A total of 276 primary small gGIST cases over a period of 18 years were investigated and had a median age of 60 years (range 27-91 years old). Regarding the tumor sites, 24 (8.7%) cases were in the cardia of the stomach, 107 (38.8%) in the fundus, 117 (42.4%) in the gastric body, and 28 (10.1%) in the gastric antrum. Eleven patients (4.0%) underwent a preoperative biopsy. A total of 137 (49.6%), 75 (27.2%), and 64 (23.2%) patients underwent laparoscopic, open resection, and endoscopic resection, respectively. Sixty-four patients (23.2%) had local endoscopic resection, 172 (62.3%) had wedge resection, 7 (2.5%) had proximal gastrectomy, 19 (6.9%) had distal gastrectomy, and 14 (5.1%) had total gastrectomy. Mitotic counts were ≤ 5/50, (5-10)/50, and > 10/50 per HPF in 259 (93.8%), 7 (2.5%), and 10 (3.6%) cases, respectively. There were 259 cases (97.1%) of spindle cell type, 7 (2.5%) epithelial cell types and one case (0.4%) of mixed type. Immunohistochemistry showed 74.6% (206/276), 98.2% (271/276), and 97.4% (269/276) of the patients had co-expression of CD34+, CD117+, and DOG-1+, respectively. Thirty-nine patients underwent genetic testing (39/276, 14.1%). Three patients (1.1%) had positive resection margin. Five high-risk patients received follow-up treatment with imatinib with a median follow-up time of 38 months (range 3-156 months). The overall 1-, 3-, and 5-year overall survival rates were 100%, 99.6%, and 99.1%, respectively.

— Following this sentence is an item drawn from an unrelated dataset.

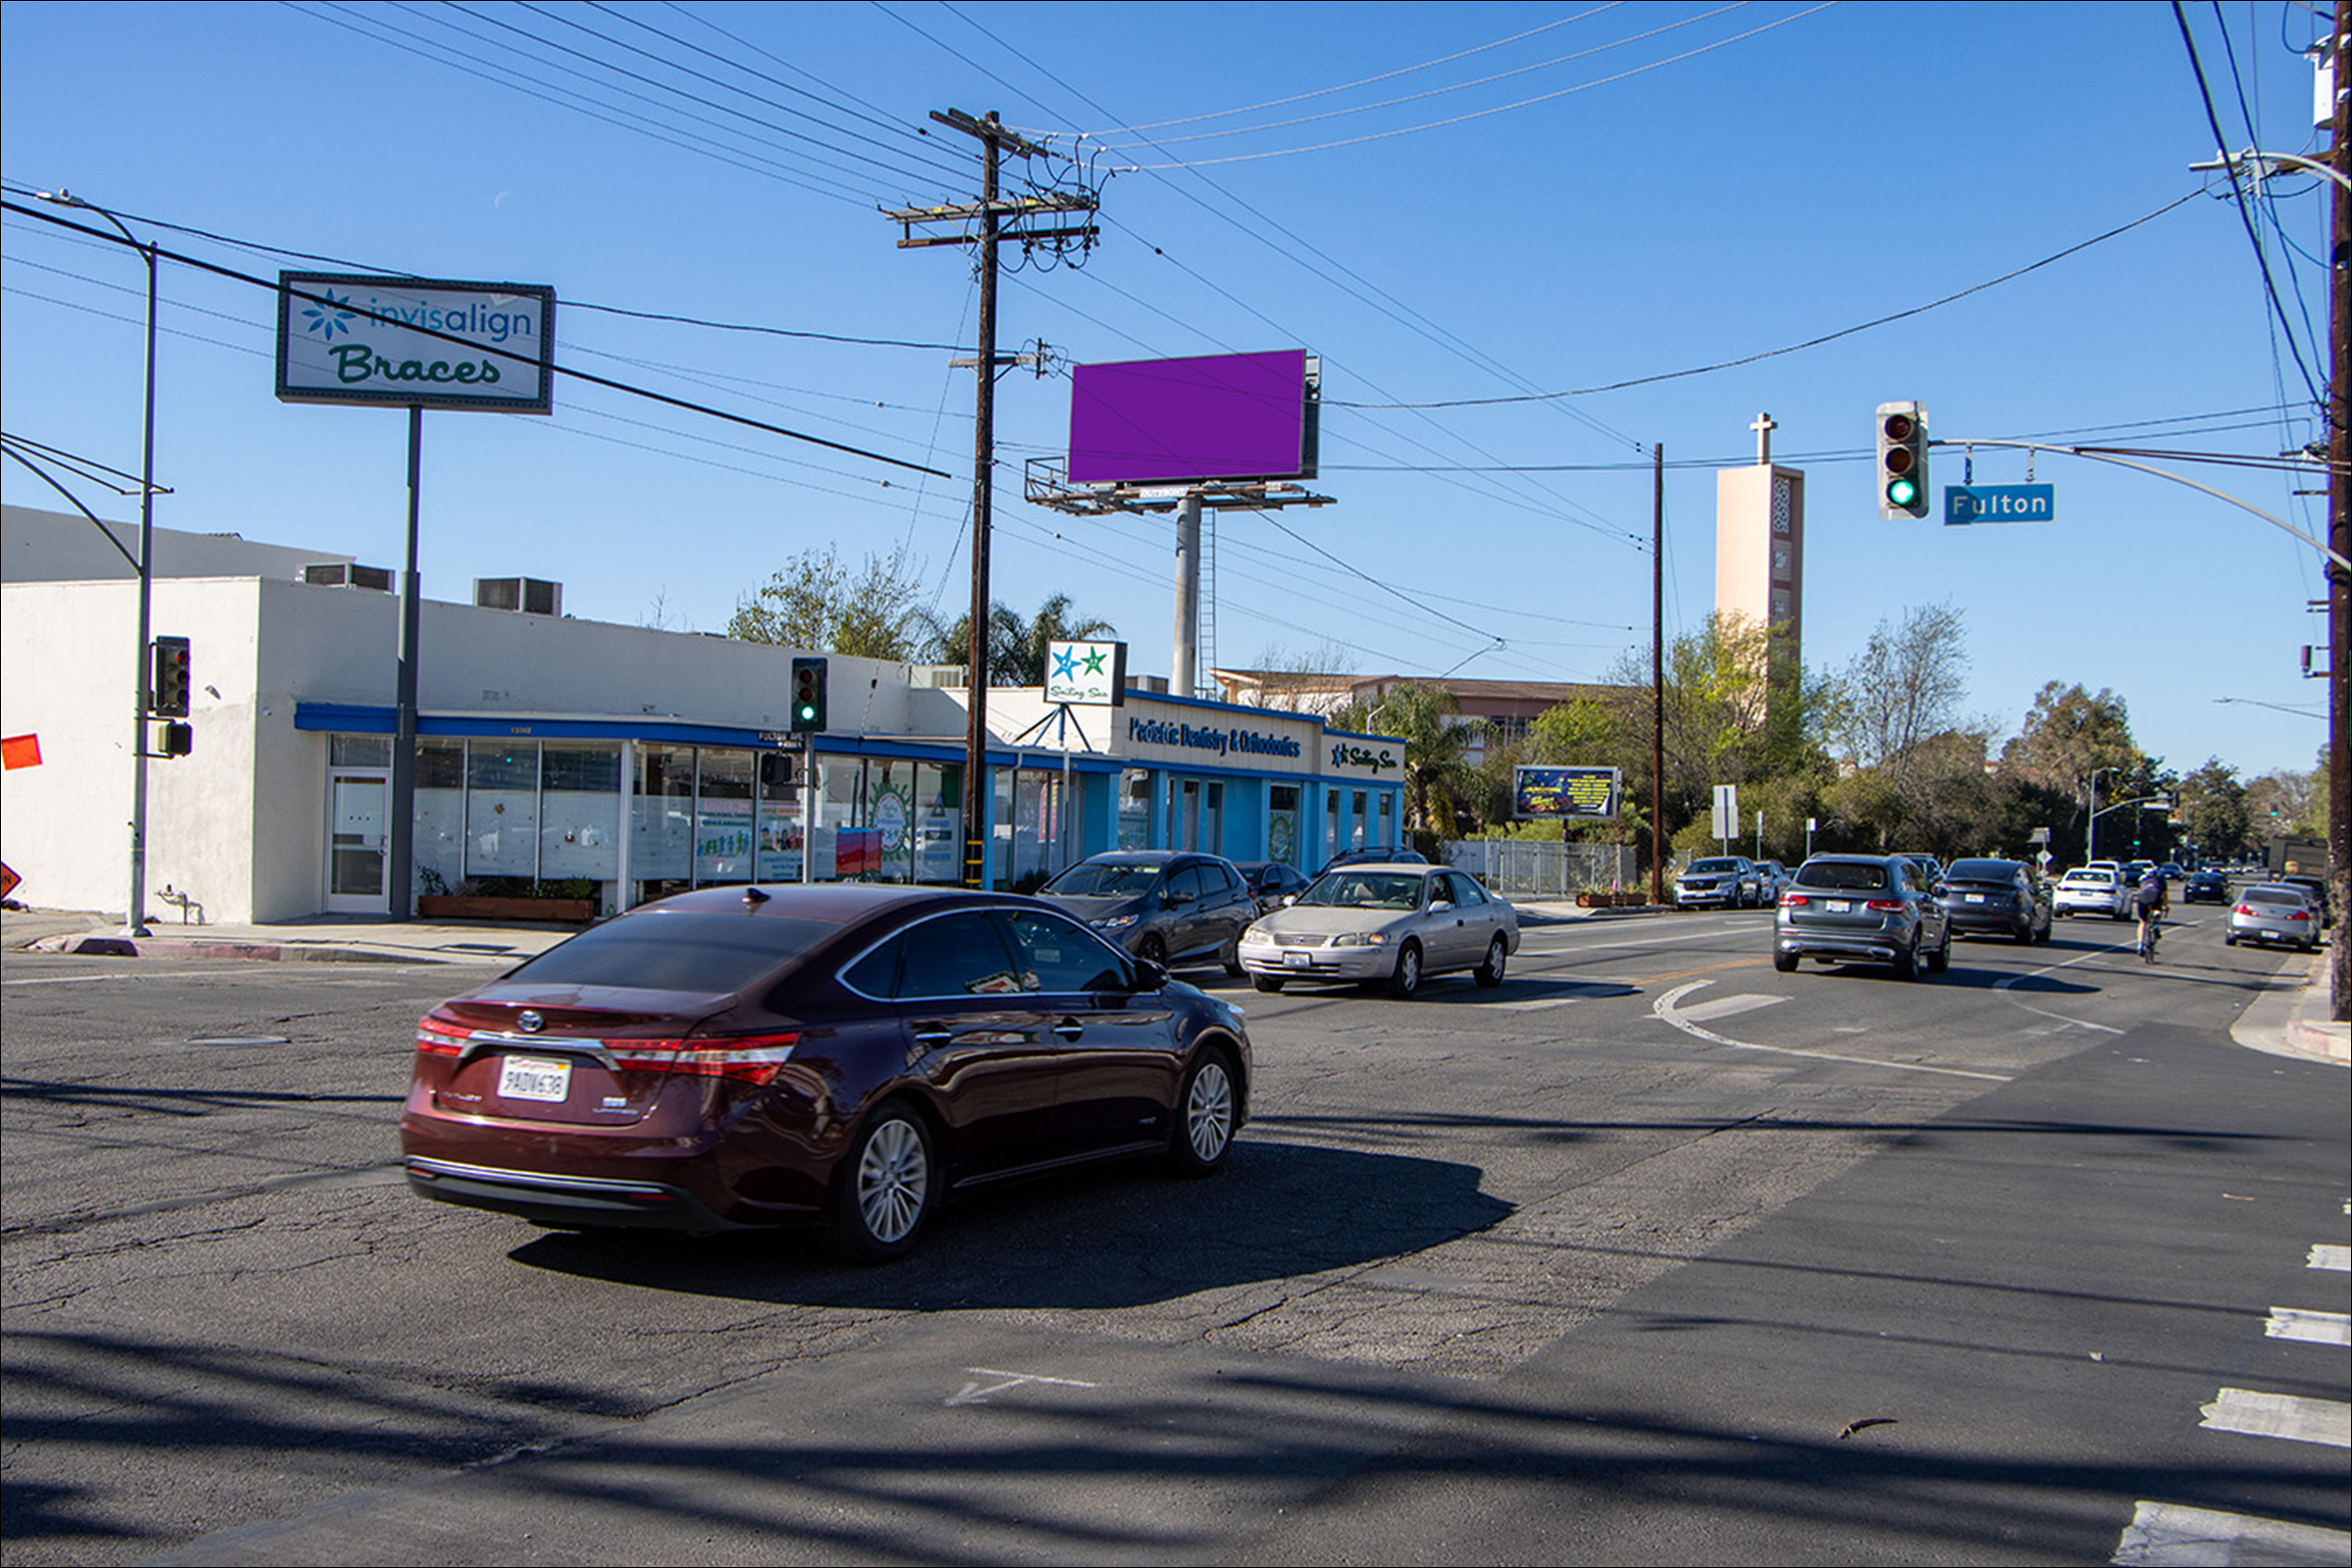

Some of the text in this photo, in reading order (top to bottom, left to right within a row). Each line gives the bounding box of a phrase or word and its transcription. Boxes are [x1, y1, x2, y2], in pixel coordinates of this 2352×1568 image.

[369, 297, 531, 342] invisalign
[328, 344, 501, 384] Braces
[1953, 494, 2046, 515] Fulton
[1129, 716, 1301, 758] Pediatric Dentistry & Orthodontics

Though the incidence of primary small gGISTs increased per annum, the overall survival prognoses were high. Surgery or endoscopic resection was the primary mode of treatment. Pathological features of primary small gGISTs were similar to large gGISTs, and to achieve a timely surgical intervention, the identification of intermediate- and high-risk cases should be a future focus of study.

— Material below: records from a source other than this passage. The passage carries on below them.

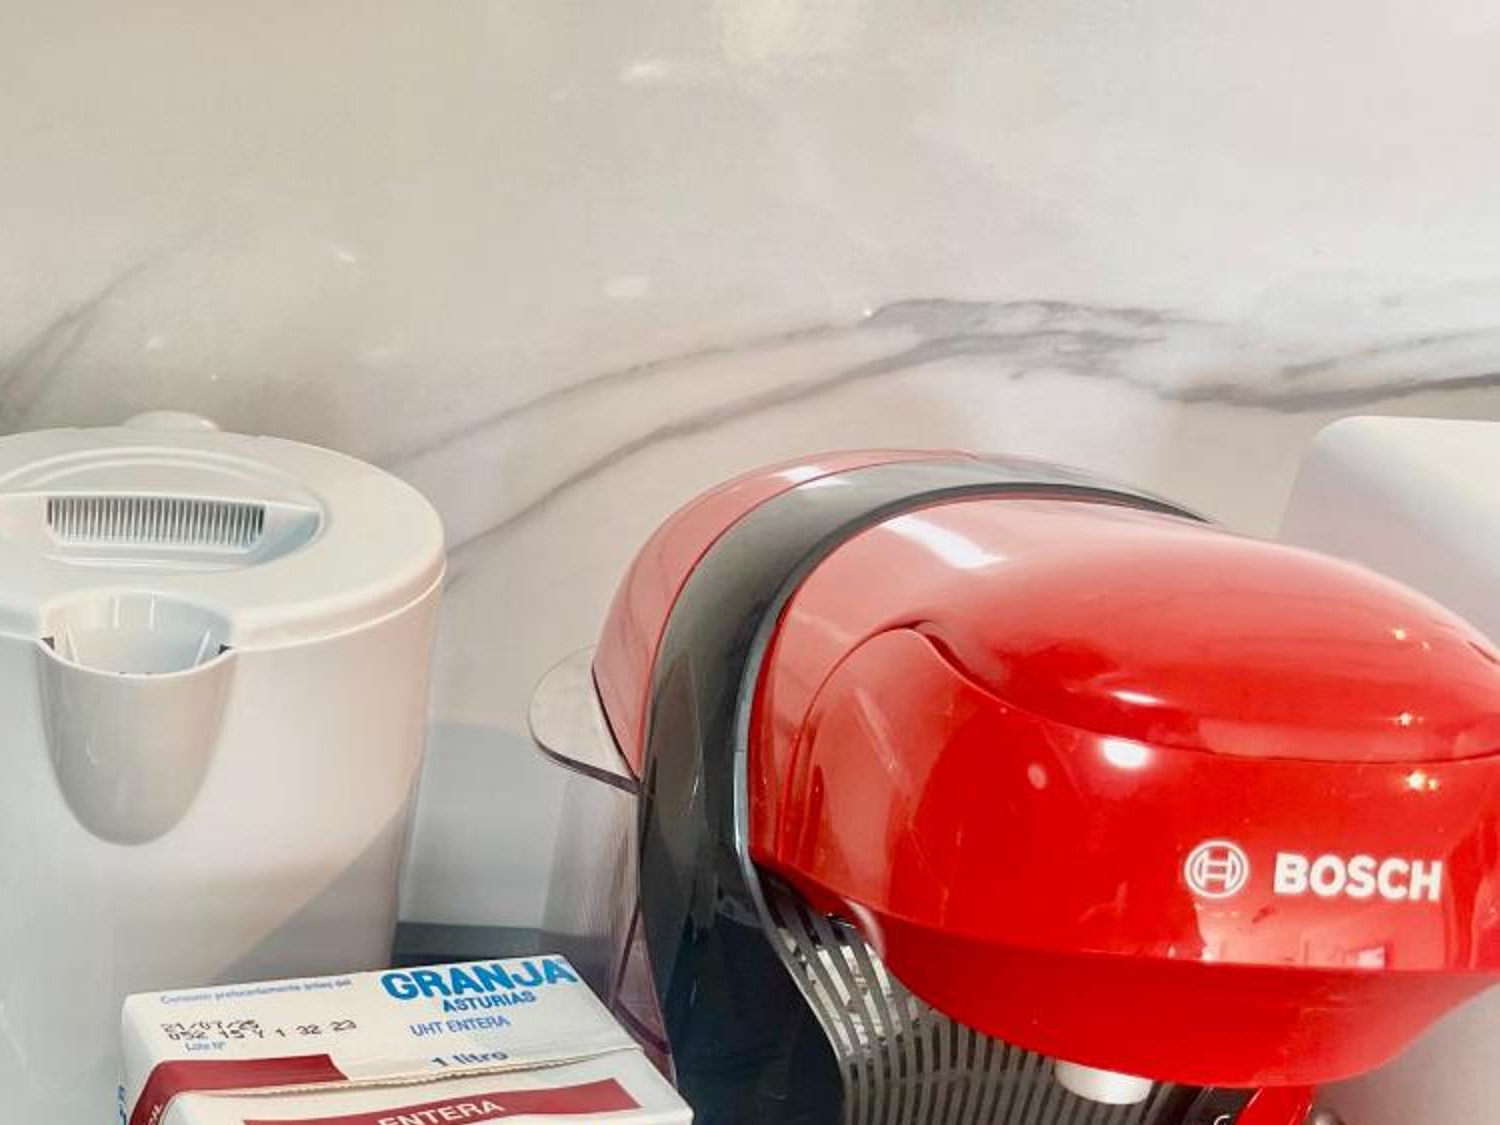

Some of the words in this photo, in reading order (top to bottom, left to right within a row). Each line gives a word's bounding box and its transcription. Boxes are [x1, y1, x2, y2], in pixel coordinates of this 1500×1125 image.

[1273, 851, 1444, 902] BOSCH
[380, 957, 578, 1001] GRANJA
[442, 989, 537, 1013] ASTURIAS
[409, 1020, 443, 1037] UHT
[445, 1014, 512, 1034] ENTERA
[431, 1056, 449, 1069] 1
[452, 1050, 509, 1066] litro
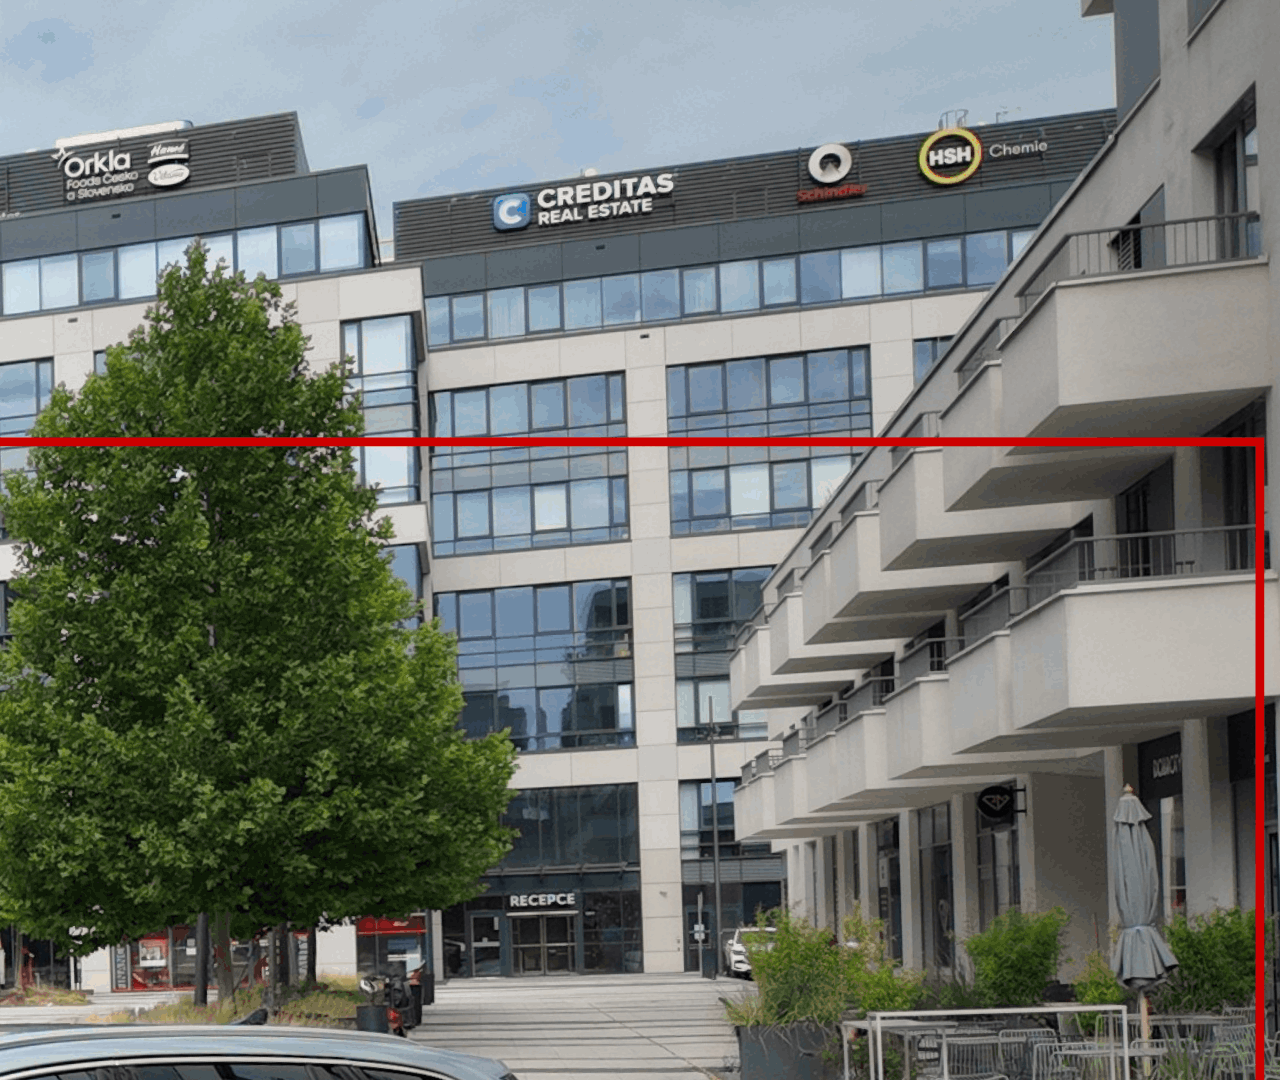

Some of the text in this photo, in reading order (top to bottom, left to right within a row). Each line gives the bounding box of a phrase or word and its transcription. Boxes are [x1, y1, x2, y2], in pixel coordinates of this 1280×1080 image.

[64, 149, 131, 178] Orkla
[929, 140, 1048, 168] HSH Chemie
[537, 173, 674, 208] CREDITAS
[537, 197, 653, 226] REAL ESTATE
[509, 892, 576, 908] RECEPCE

目前,原发性胃小 GIST(gGIST)的流行病学、病理特征、手术治疗类型和预后仍存在争议。
本研究纳入了 1998 年 1 月至 2015 年 1 月期间,来自华南地区 4 家高容量医疗中心的原发性胃小 gGIST 患者,并对其临床病理特征、治疗和预后因素进行了分析,为临床实践提供了循证医学经验。
本研究共纳入了 276 例原发性胃小 gGIST 患者,中位年龄为 60 岁(27-91 岁)。肿瘤部位:贲门 24 例(8.7%),胃底 107 例(38.8%),胃体 117 例(42.4%),胃窦 28 例(10.1%)。11 例(4.0%)患者行术前活检。腹腔镜、开放和内镜下切除分别为 137 例(49.6%)、75 例(27.2%)和 64 例(23.2%)。64 例(23.2%)患者行局部内镜下切除,172 例(62.3%)行楔形切除,7 例(2.5%)行近端胃大部切除,19 例(6.9%)行远端胃大部切除,14 例(5.1%)行全胃切除。核分裂像计数<5/50、(5-10)/50 和>10/50 的患者分别为 259 例(93.8%)、7 例(2.5%)和 10 例(3.6%)。梭形细胞型 259 例(97.1%),上皮样细胞型 7 例(2.5%),混合细胞型 1 例(0.4%)。免疫组化显示,CD34+、CD117+和 DOG-1+共表达的患者分别为 206 例(74.6%)、271 例(98.2%)和 269 例(97.4%)。39 例患者接受了基因检测(39/276,14.1%)。3 例(1.1%)患者切缘阳性。5 例高危患者接受了伊马替尼的随访治疗,中位随访时间为 38 个月(3-156 个月)。总 1、3、5 年生存率分别为 100%、99.6%和 99.1%。
尽管原发性胃小 gGIST 的发病率逐年增加,但总体生存预后良好。手术或内镜下切除是主要的治疗方式。原发性胃小 gGIST 的病理特征与大 gGIST 相似,为实现及时的手术干预,识别中高危病例应成为未来的研究重点。